Announces Two Financing Agreements to Potentially Provide up to $60 Million of Additional Capital; Reducing Cash Burn by 30% by Q4 2019

Achieved $1.8 Million in Total Revenue and Secured 12 New T2Dx® Instrument Contracts

Updates 2019 Financial Guidance

Announced Management Update

LEXINGTON, Mass., July 30, 2019 (GLOBE NEWSWIRE) -- T2 Biosystems, Inc. (NASDAQ:TTOO), a leader in the development and commercialization of innovative medical diagnostic products for critical unmet needs in healthcare, announced today the operating highlights and financial results for the second quarter ended June 30, 2019.

Financing Agreement Highlights:

  • The Company entered into two financing agreements that enables the potential access to up to $60 million of additional capital, potentially strengthening its financial position.
  • Entered into an At-the-Market (ATM) equity offering agreement with Canaccord Genuity LLC pursuant to which Canaccord will, at the Company’s option, use reasonable best efforts to sell up to $30 million of our common stock at our direction.
  • Entered into common stock purchase and registration rights agreements with Lincoln Park Capital Fund, LLC  (LPC), a Chicago-based institutional investor, under which we will have the right and the sole discretion to sell to LPC up to $30 million worth of shares over a 36-month period at market rates based on closing prices in the past 10 days from when a sales of shares may occur, subject to certain limitations under the agreement as further described below under the section titled "Financing Agreement Details".

“We plan to be opportunistic in accessing the capital markets, including through these agreements, and we may not sell the full amount under either agreement. We will remain open to other potential sources of additional capital, both from a traditional financing perspective and through business development opportunities. Combined with our plan to reduce our cash burn by 30% by the fourth quarter and our projected capital requirements, we believe we have a means to efficiently use resources now available to us to achieve our goals,” said John McDonough, chief executive officer. “We believe these financing agreements are consistent with our plan to be strategic in the way we access capital. In addition, we continue to pursue business development opportunities as a way to potentially provide non-dilutive cash to our balance sheet.”

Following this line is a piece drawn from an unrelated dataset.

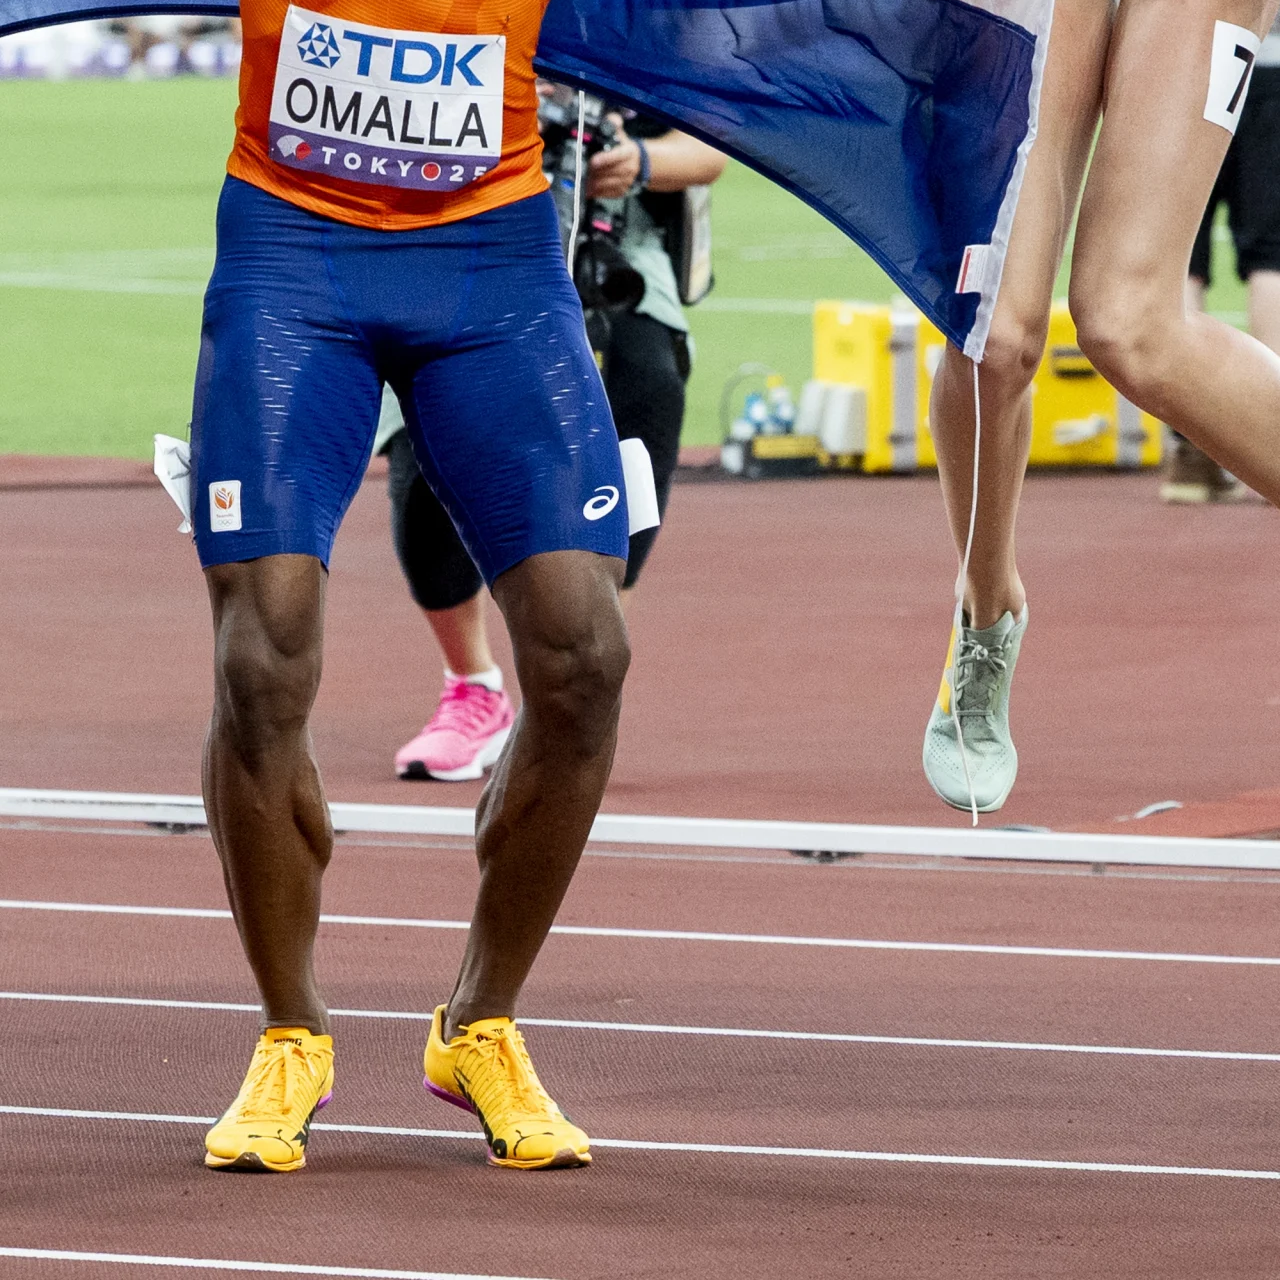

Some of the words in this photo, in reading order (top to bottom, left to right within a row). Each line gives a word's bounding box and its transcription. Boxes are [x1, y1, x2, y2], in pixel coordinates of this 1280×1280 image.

Second Quarter and Recent Business and Financial Performance Highlights:

  • Reported second quarter total revenue of $1.8 million.
  • Reported second quarter product revenue of $1.3 million, up 8% year-over-year, from an increase in T2Bacteria Panel testing revenue by over 80% from the first quarter.
  • Secured 12 new contracts for T2Dx® Instruments in the second quarter, compared to 9 new contracts in the second quarter of 2018.
  • Highlighted products and technology at several medical meetings during the second quarter, including early, positive T2Bacteria® Panel clinical data and experience from commercial customers and data supporting new panel opportunities.
  • Published results from T2Bacteria® Panel pivotal clinical study in the Annals of Internal Medicine® journal; additional cost-effectiveness data published in peer-reviewed journals.
  • Expanded international business by entering exclusive distribution agreements covering five new markets representing approximately 1,170 hospitals that could benefit from T2’s products.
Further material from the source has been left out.